Max Key Size for AES : 2147483647

Based on the maximum key size returned by the getMaxAllowedKeyLength()
method, we can safely say that the unlimited strength policy files have
been installed correctly.

If the returned value is equal to 128, we need to make sure that we’ve
installed the files into the JVM where we’re running the code.

4. Cryptographic Operations

4.1. Preparing Certificate And Private Key

Before we jump into the implementation of cryptographic functions, we
first need to create a certificate and a private key.

For test purposes, we can use these resources:

Baeldung.cer is a digital certificate that uses the international
X.509 public key infrastructure standard, while the Baeldung.p12 is a
password-protected PKCS12 Keystore
that contains a private key.

Let’s see how these can be loaded in Java:

Security.addProvider(new BouncyCastleProvider());
CertificateFactory certFactory= CertificateFactory
  .getInstance("X.509", "BC");

X509Certificate certificate = (X509Certificate) certFactory
  .generateCertificate(new FileInputStream("Baeldung.cer"));

char[] keystorePassword = "password".toCharArray();
char[] keyPassword = "password".toCharArray();

KeyStore keystore = KeyStore.getInstance("PKCS12");
keystore.load(new FileInputStream("Baeldung.p12"), keystorePassword);
PrivateKey key = (PrivateKey) keystore.getKey("baeldung", keyPassword);

First, we’ve added the BouncyCastleProvider as a security provider
dynamically using the addProvider() method.

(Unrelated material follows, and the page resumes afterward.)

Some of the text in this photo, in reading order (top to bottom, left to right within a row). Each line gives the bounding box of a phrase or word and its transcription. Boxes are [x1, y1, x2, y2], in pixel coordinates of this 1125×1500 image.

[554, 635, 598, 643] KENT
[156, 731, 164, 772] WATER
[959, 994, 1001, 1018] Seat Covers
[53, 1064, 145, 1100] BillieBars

This can also be done statically by editing the
{JAVA_HOME}/jre/lib/security/java.security file, and adding this
line:

security.provider.N = org.bouncycastle.jce.provider.BouncyCastleProvider

Once the provider is properly installed, we’ve created a
CertificateFactory object using the getInstance() method.

The getInstance() method takes two arguments; the certificate type
“X.509”, and the security provider “BC”.

The certFactory instance is subsequently used to generate an
X509Certificate object, via the generateCertificate() method.

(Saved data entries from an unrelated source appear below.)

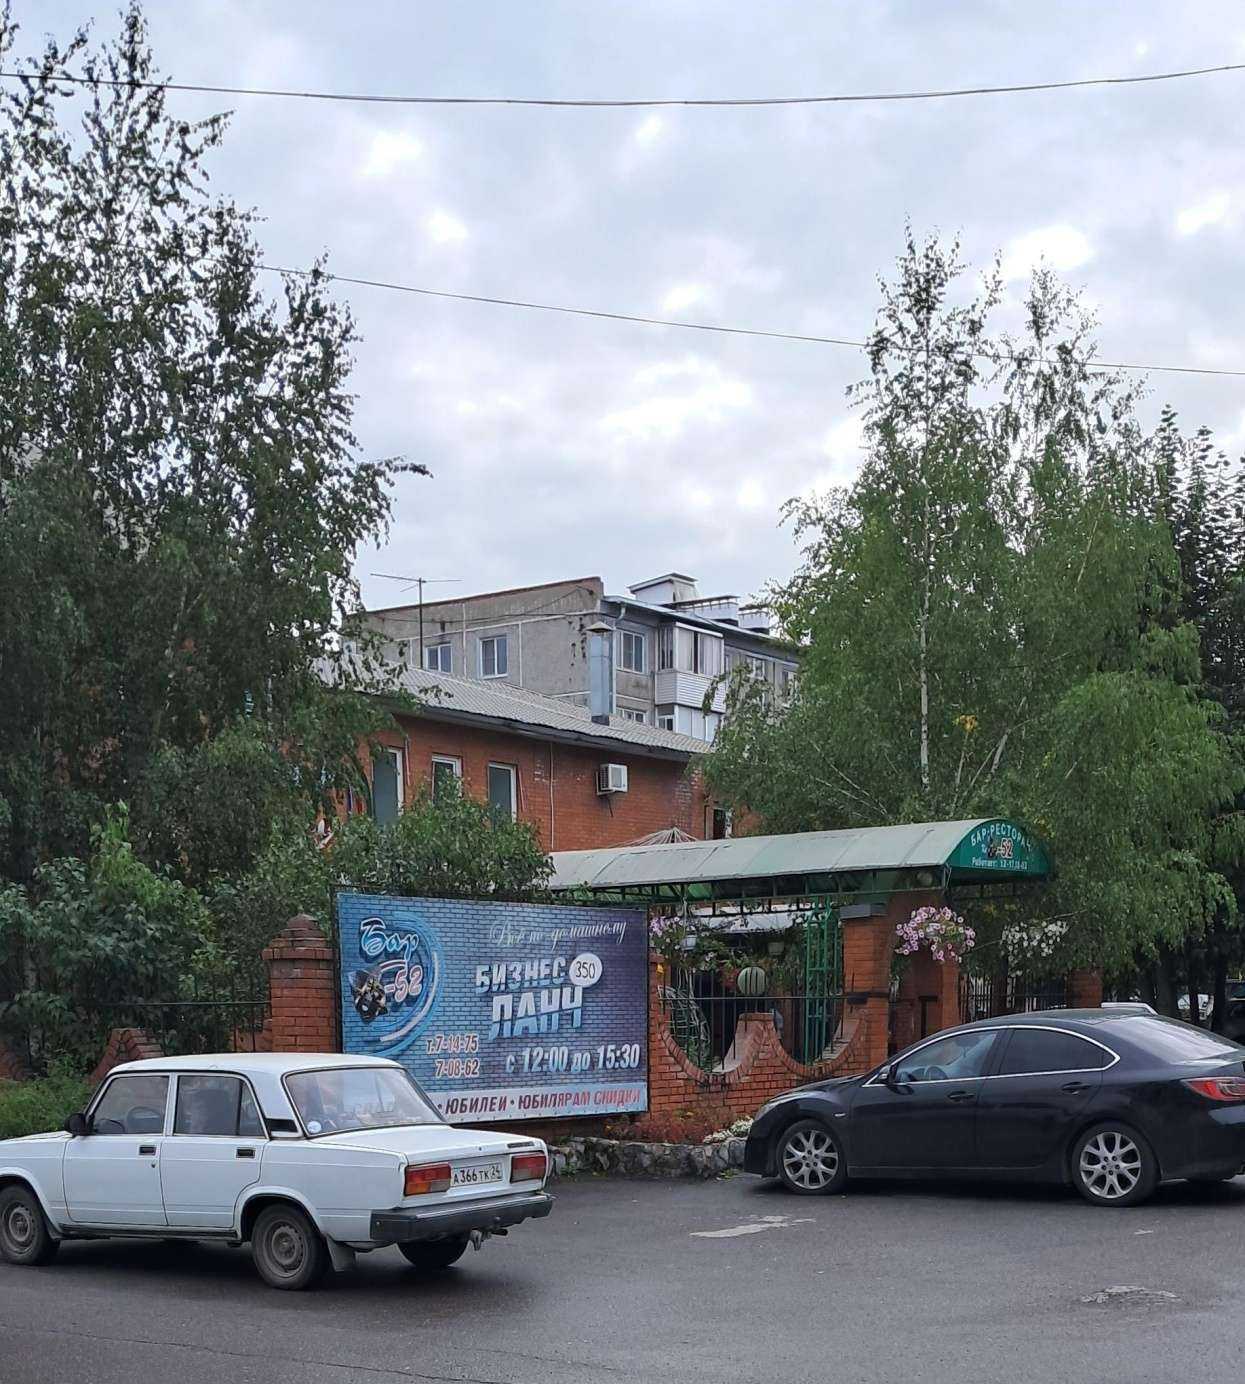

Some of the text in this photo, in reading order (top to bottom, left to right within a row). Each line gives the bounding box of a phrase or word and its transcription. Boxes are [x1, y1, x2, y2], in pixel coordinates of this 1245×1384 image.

[360, 917, 420, 967] Бар
[475, 956, 567, 994] БИЗНЕС
[575, 960, 596, 980] 350
[488, 985, 583, 1041] ЛАНЧ
[435, 1057, 480, 1079] 7-08-62
[521, 1046, 569, 1074] 12:00
[572, 1056, 591, 1074] до
[596, 1043, 640, 1069] 15:30
[518, 1090, 591, 1110] ЮБИЛЯРАМ
[593, 1088, 641, 1107] СКИДКИ

In the same way, we’ve created a PKCS12 Keystore object, on which the
load() method is called.

The getKey() method returns the private key associated with a given
alias.

Note that a PKCS12 Keystore contains a set of private keys, each private
key can have a specific password, that’s why we need a global password
to open the Keystore, and a specific one to retrieve the private key.

The Certificate and the private key pair are mainly used in asymmetric
cryptographic operations:

  • Encryption

  • Decryption

  • Signature

  • Verification

4.2 CMS/PKCS7 Encryption And Decryption

In asymmetric encryption cryptography, each communication requires a
public certificate and a private key.

The recipient is bound to a certificate, that is publicly shared between
all senders.

Simply put, the sender needs the recipient’s certificate to encrypt a
message, while the recipient needs the associated private key to be able
to decrypt it.

Let’s have a look at how to implement an encryptData() function, using
an encryption certificate:

public static byte[] encryptData(byte[] data,
  X509Certificate encryptionCertificate)
  throws CertificateEncodingException, CMSException, IOException {

    byte[] encryptedData = null;
    if (null != data && null != encryptionCertificate) {
        CMSEnvelopedDataGenerator cmsEnvelopedDataGenerator
          = new CMSEnvelopedDataGenerator();

        JceKeyTransRecipientInfoGenerator jceKey
          = new JceKeyTransRecipientInfoGenerator(encryptionCertificate);
        cmsEnvelopedDataGenerator.addRecipientInfoGenerator(transKeyGen);
        CMSTypedData msg = new CMSProcessableByteArray(data);
        OutputEncryptor encryptor
          = new JceCMSContentEncryptorBuilder(CMSAlgorithm.AES128_CBC)
          .setProvider("BC").build();
        CMSEnvelopedData cmsEnvelopedData = cmsEnvelopedDataGenerator
          .generate(msg,encryptor);
        encryptedData = cmsEnvelopedData.getEncoded();
    }
    return encryptedData;
}

We’ve created a JceKeyTransRecipientInfoGenerator object using the
recipient’s certificate.

Then, we’ve created a new CMSEnvelopedDataGenerator object and added
the recipient information generator into it.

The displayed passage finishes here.